Enough misery now! Please feel free to share your story, feelings or even the post itself. It's good to talk about these things. Especially when I'm doing better. I think when people are really suffering, they're quiet. That's when others should become worried. I know I've come close to suicide many times in the past year. It scares me now when I think back to how viable an option it seemed.
I have a ways to go but signs recently are good. Not great but trending upwards. Day at a time. Keeping calm and staying positive are my weapons. (Just don't tell a depressed person to be positive. They're too far gone. It's near impossible).
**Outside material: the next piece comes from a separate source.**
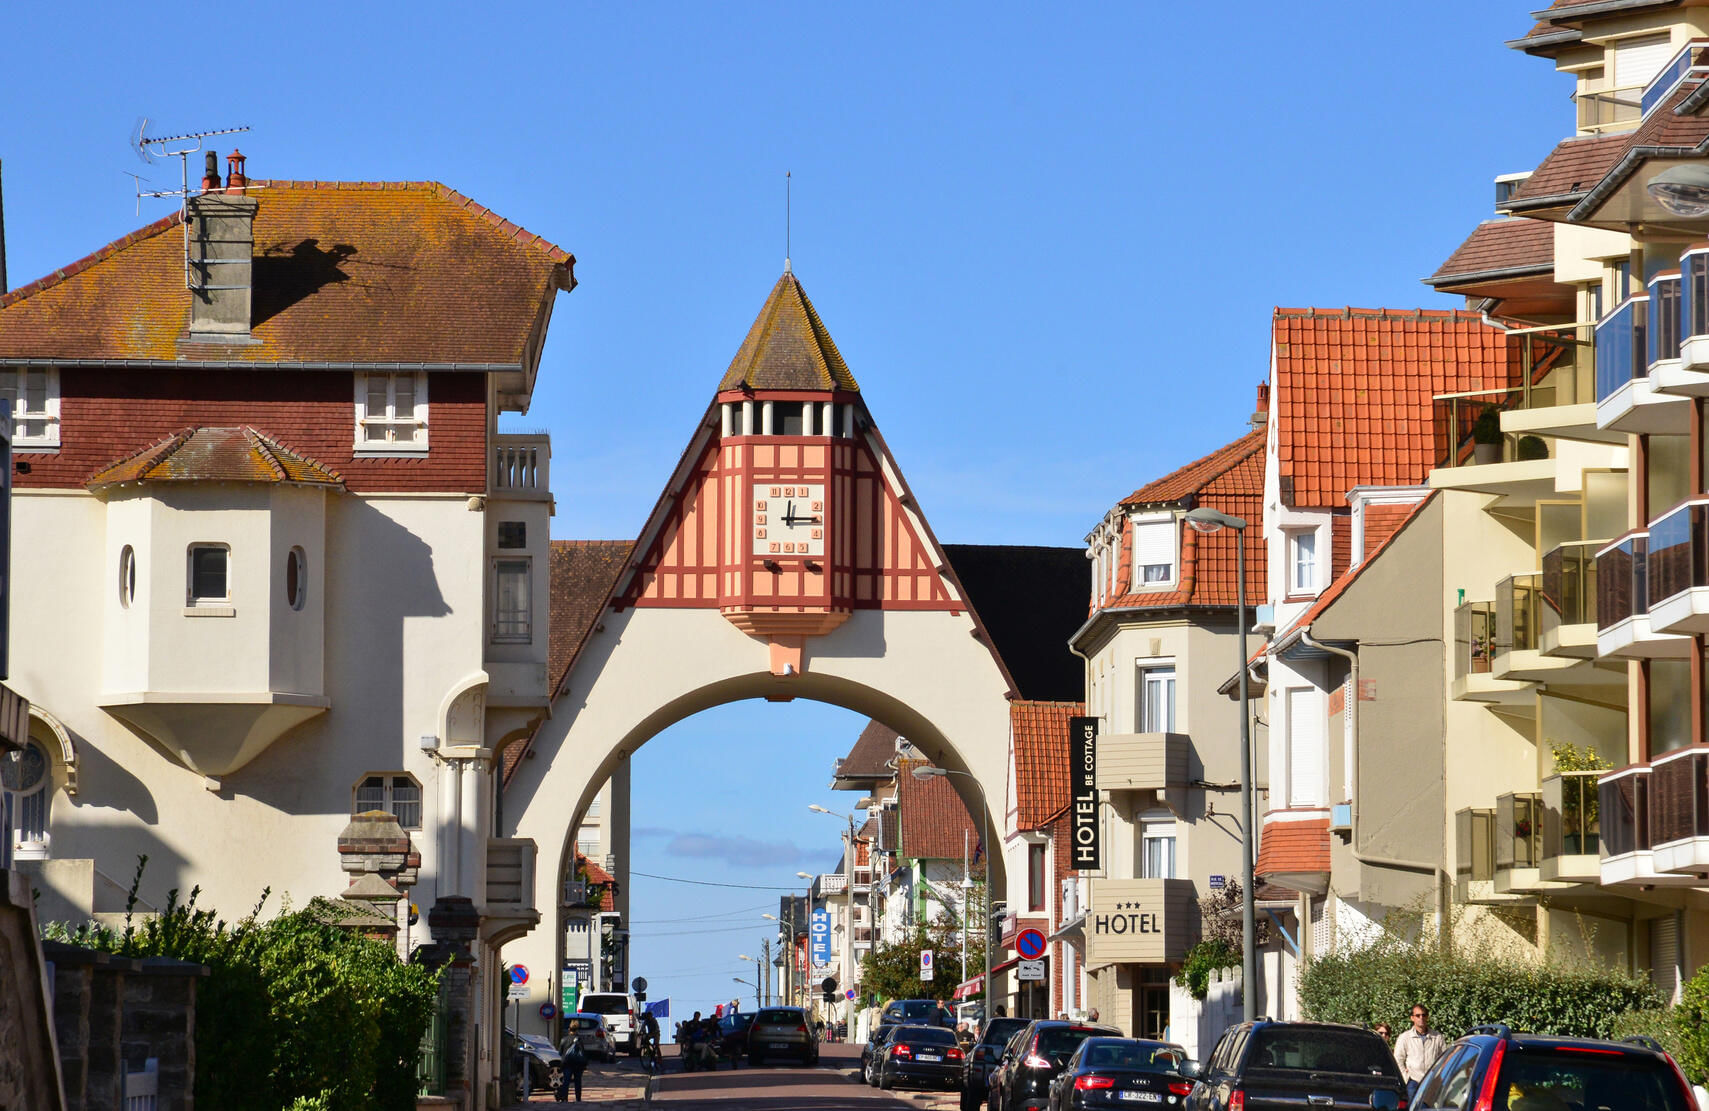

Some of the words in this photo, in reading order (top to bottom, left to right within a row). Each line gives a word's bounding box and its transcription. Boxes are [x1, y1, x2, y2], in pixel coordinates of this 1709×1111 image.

I only became that depressed because the anxiety was so severe it made my life unbearable. It was only through some respite via cold showers, swimming and Valium plus distractions like faking it, playing music, dancing, talking to myself and the support of my girlfriend that I was able to rise enough before I could even entertain the idea of being positive. Without some daily relief, I would have taken my life. I fantasised about it. I planned it. At one point I had razor blades hidden throughout the house. It seemed the only way out.
Enough.
Peace
Anthony
Ps I'm thinking of releasing a novel. Not sure which one yet. I've got a few. Either Ode to Dead Young Friends, based on four young people I knew who all died young or True Love Kills, also based on a true story but with a lot more fictional aspects about a teenage girl whose new school friends are involved in a terrible incident in which someone dies.
What do you think? The anxiety doesn't want me to do anything as it's all 'dangerous' but I have to keep pushing myself. This will be quite a scary exercise, unlike when I released books in the past when it was exciting. Still, I feel the work is good and should be out there. I think.
Let me know your thoughts about any of the above!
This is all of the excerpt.